Dutch painter and draughtsman, with
Cézanne and
Gauguin
the greatest of
Post-Impressionist
artists.
His uncle was a partner in the international firm of picture dealers Goupil and Co. and in 1869 van Gogh went to work in the branch at The Hague. In 1873 he was sent to the London branch and fell unsuccessfully in love with the daughter of the landlady. This was the first of several disastrous attempts to find happiness with a woman, and his unrequited passion affected him so badly that he was dismissed from his job. He returned to England in 1876 as an unpaid assistant at a school, and his experience of urban squalor awakened a religious zeal and a longing to serve his fellow men.

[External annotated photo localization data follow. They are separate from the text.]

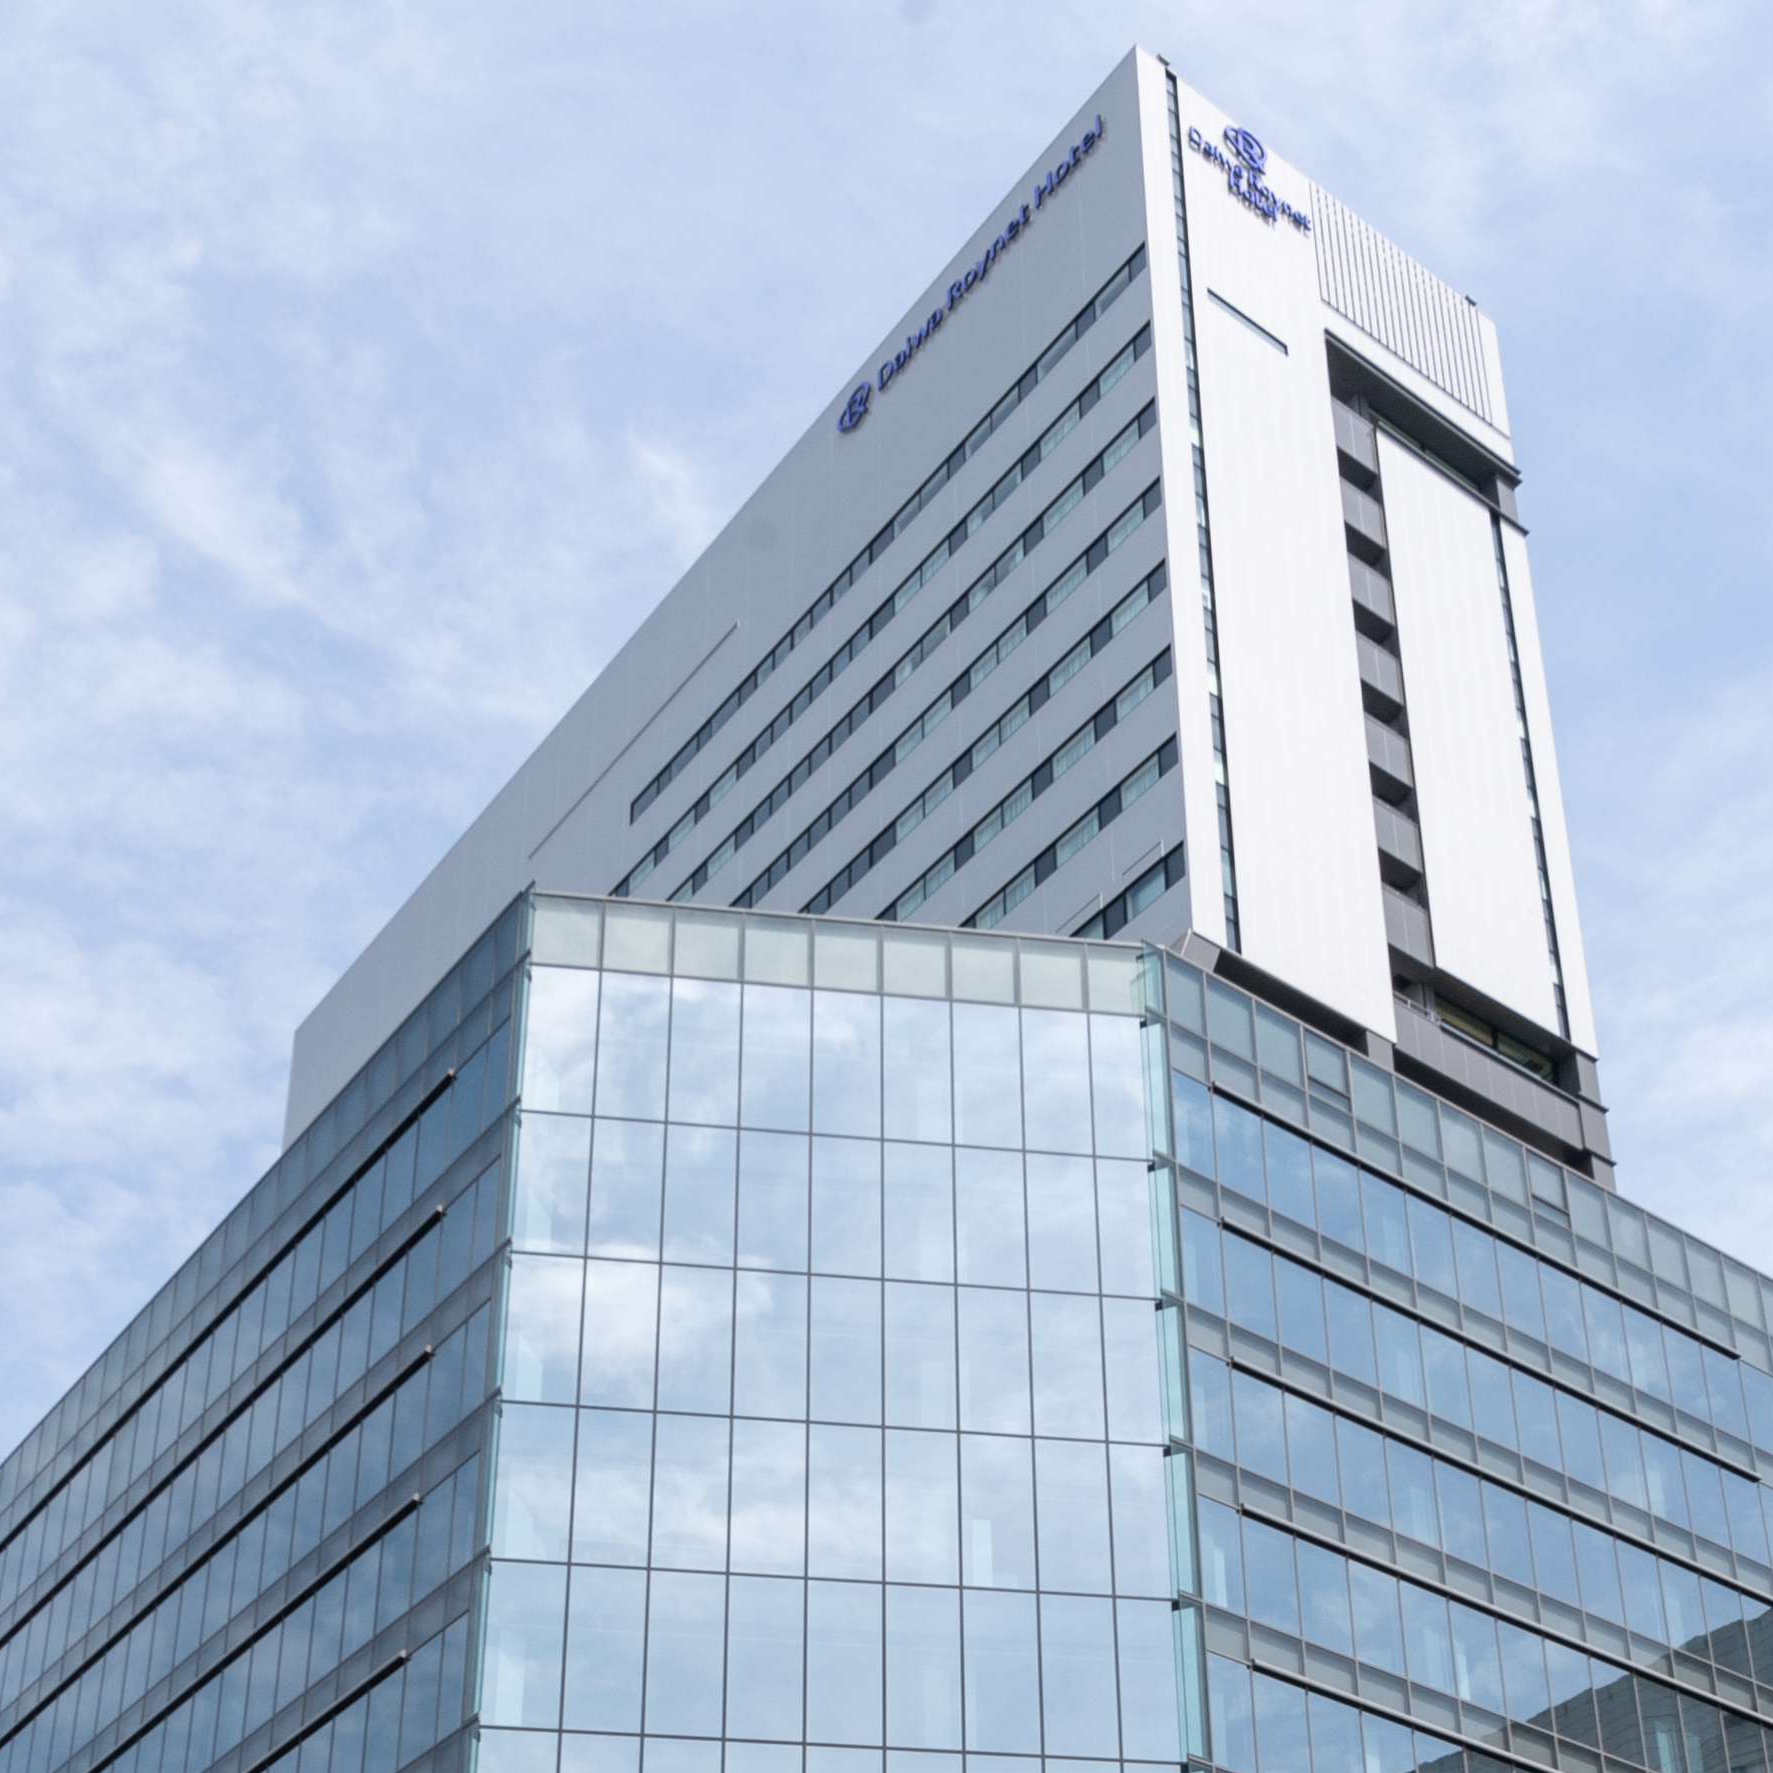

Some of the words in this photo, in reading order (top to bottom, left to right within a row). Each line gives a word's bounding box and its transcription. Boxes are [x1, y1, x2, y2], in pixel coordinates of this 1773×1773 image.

[1188, 125, 1244, 179] Daiwa
[1248, 168, 1311, 232] Roynet
[1229, 170, 1278, 222] Hotel
[877, 306, 943, 390] Daiwa
[946, 203, 1030, 311] Roynet
[1034, 114, 1103, 209] Hotel
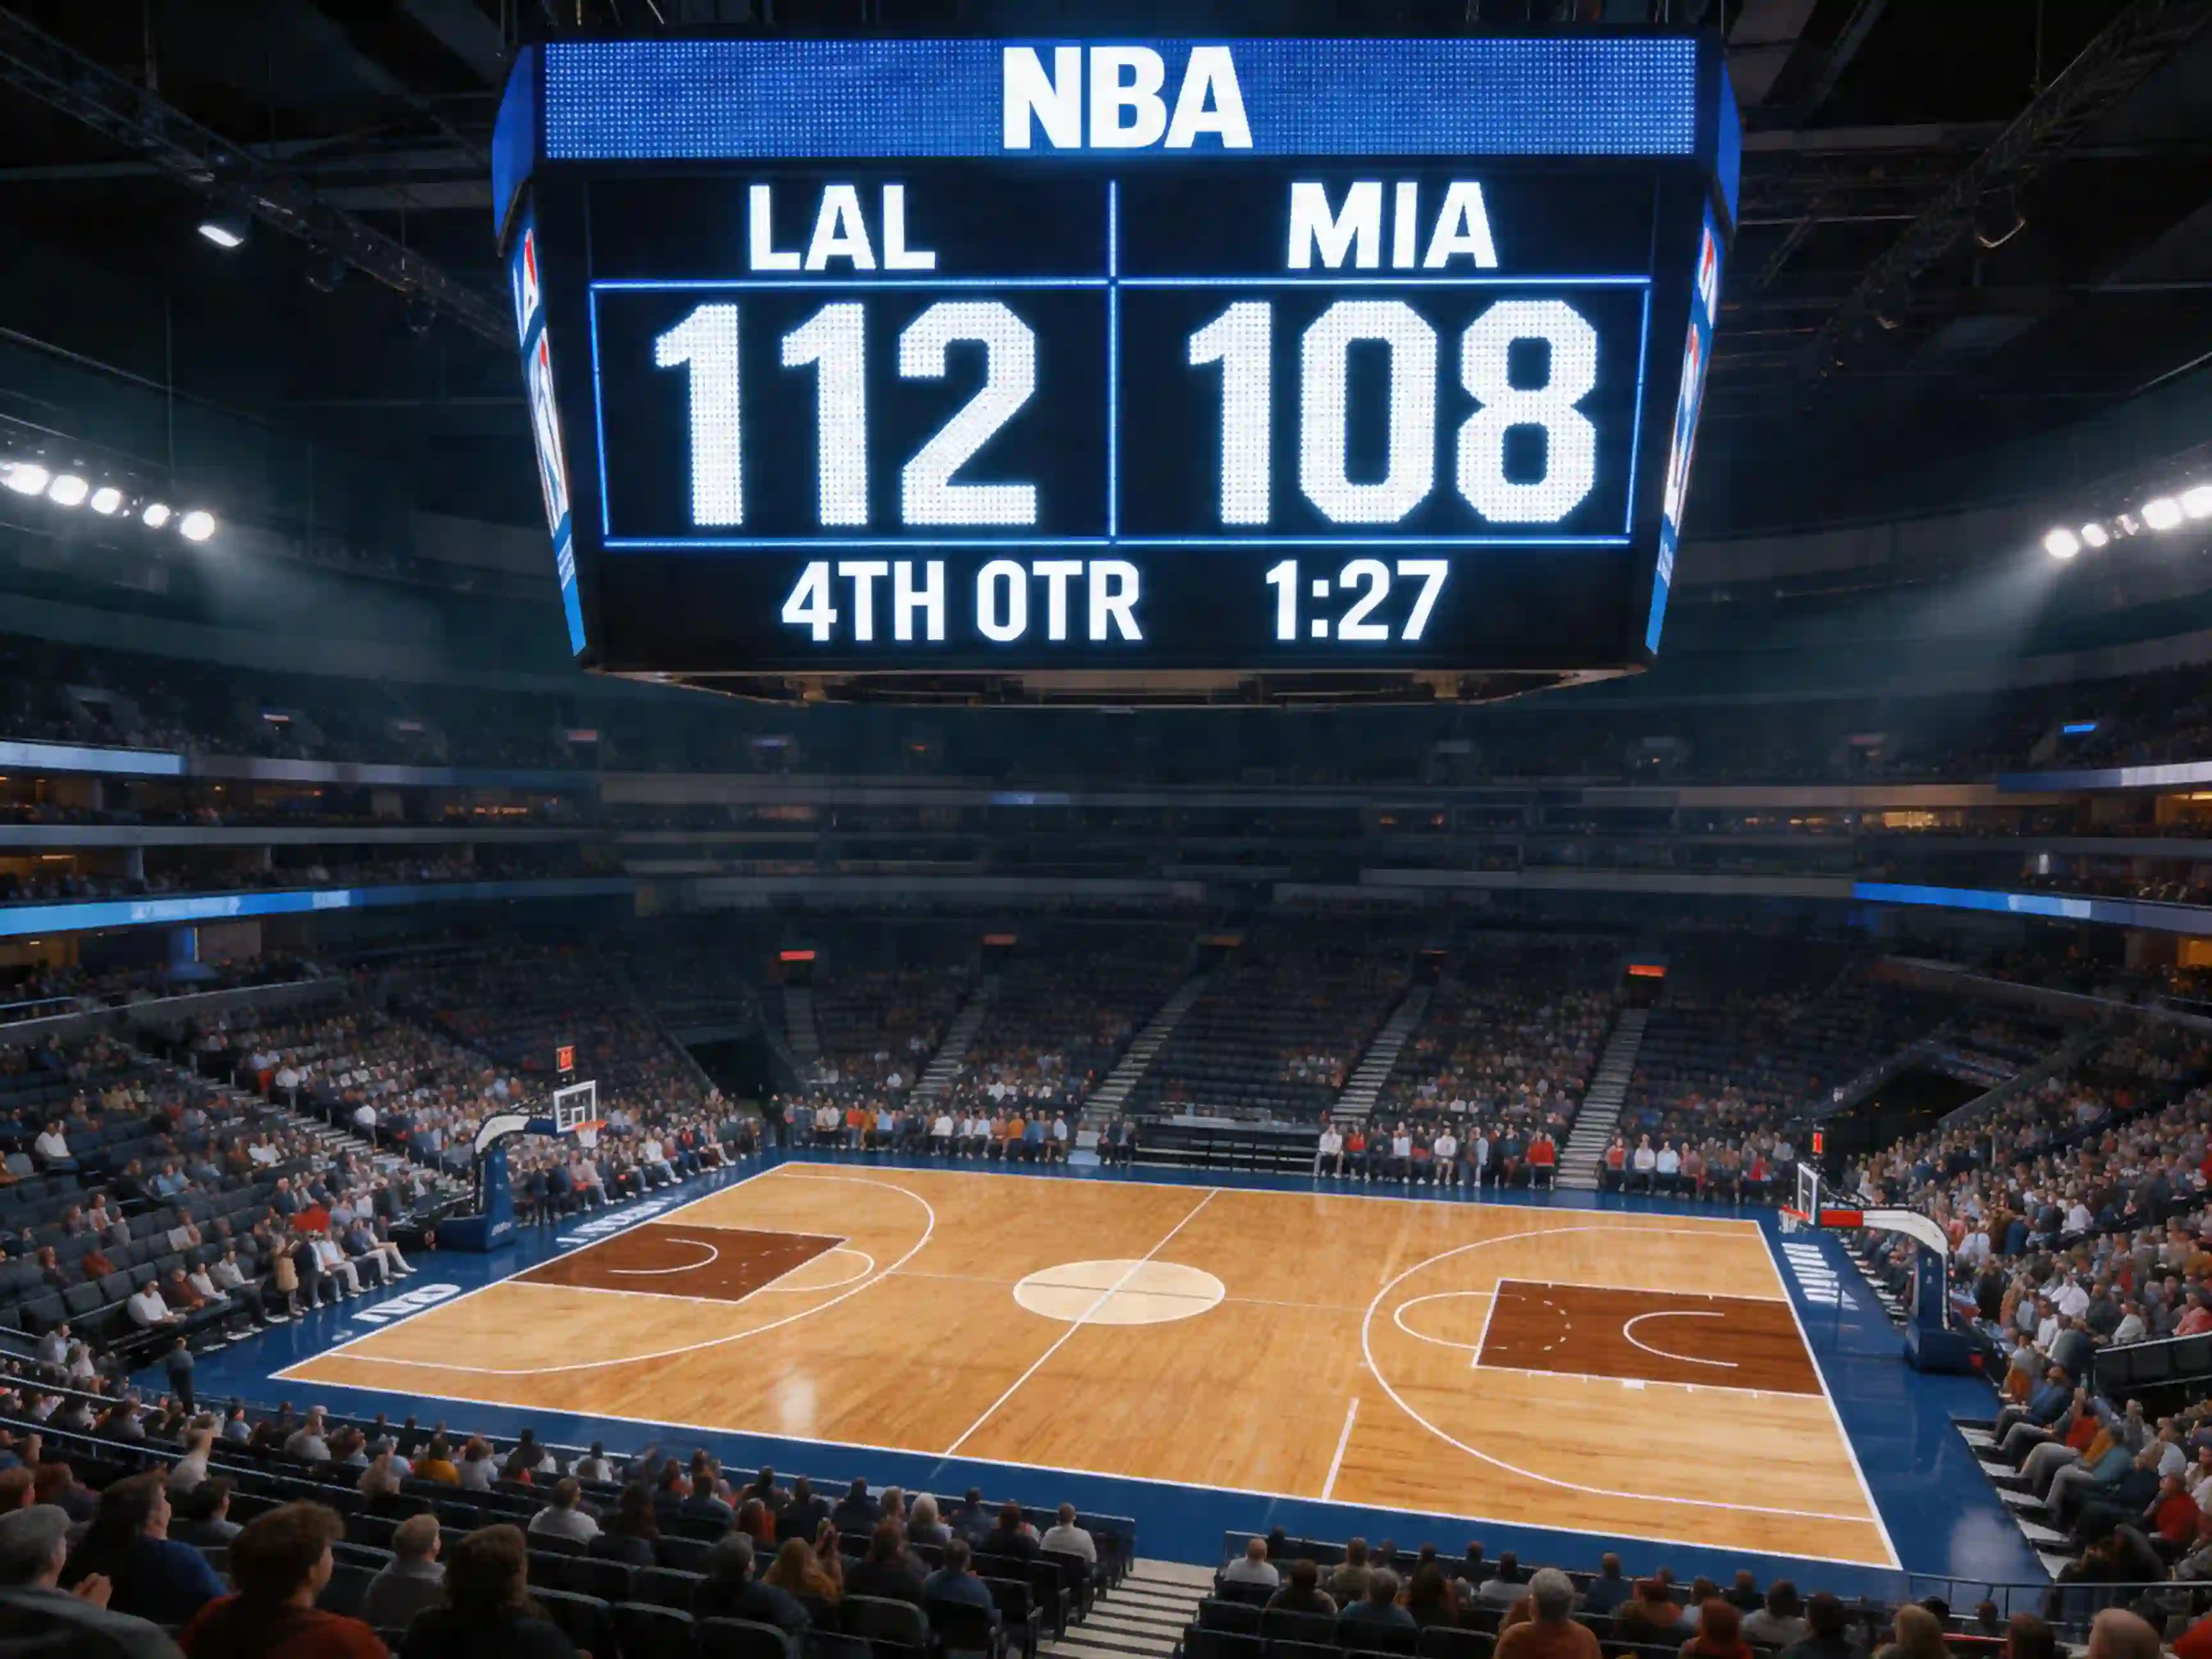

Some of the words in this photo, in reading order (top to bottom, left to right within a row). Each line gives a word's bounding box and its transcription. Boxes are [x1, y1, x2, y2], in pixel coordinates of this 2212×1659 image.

[1003, 47, 1253, 148] NBA
[749, 184, 936, 271] LAL
[1286, 180, 1499, 269] MIA
[654, 301, 1038, 527] 112
[1188, 299, 1598, 525] 108
[781, 559, 945, 642] 4TH
[1265, 558, 1449, 641] 1:27
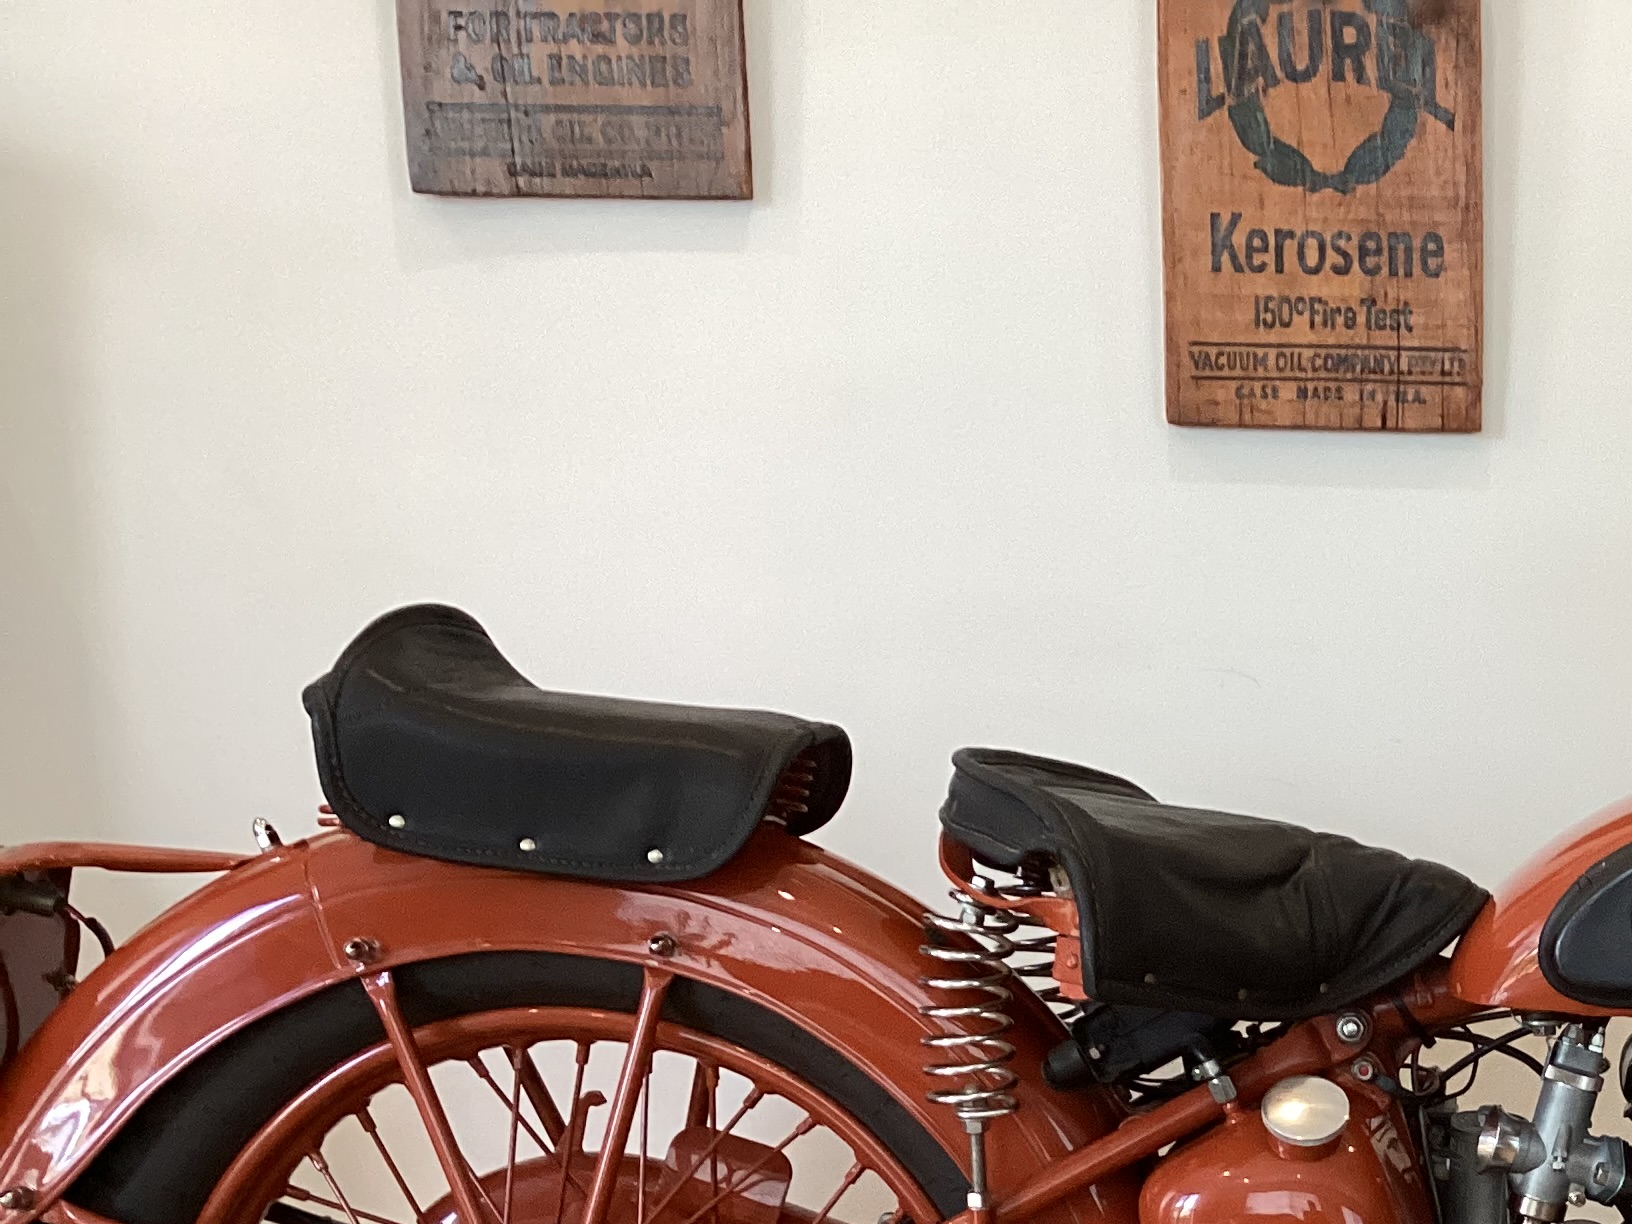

His father was a Protestant pastor, and van Gogh first trained for the ministry, but he abandoned his studies in 1878 and went to work as a lay preacher among the impoverished miners of the grim Borinage district in Belgium. In his zeal he gave away his own worldly goods to the poor and was dismissed for his literal interpretation of Christ's teaching. He remained in the Borinage, suffering acute poverty and a spiritual crisis, until 1880, when he found that art was his vocation and the means by which he could bring consolation to humanity. From this time he worked at his new `mission' with single-minded frenzy, and although he often suffered from extreme poverty and undernourishment, his output in the ten remaining years of his life was prodigious: about 800 paintings and a similar number of drawings.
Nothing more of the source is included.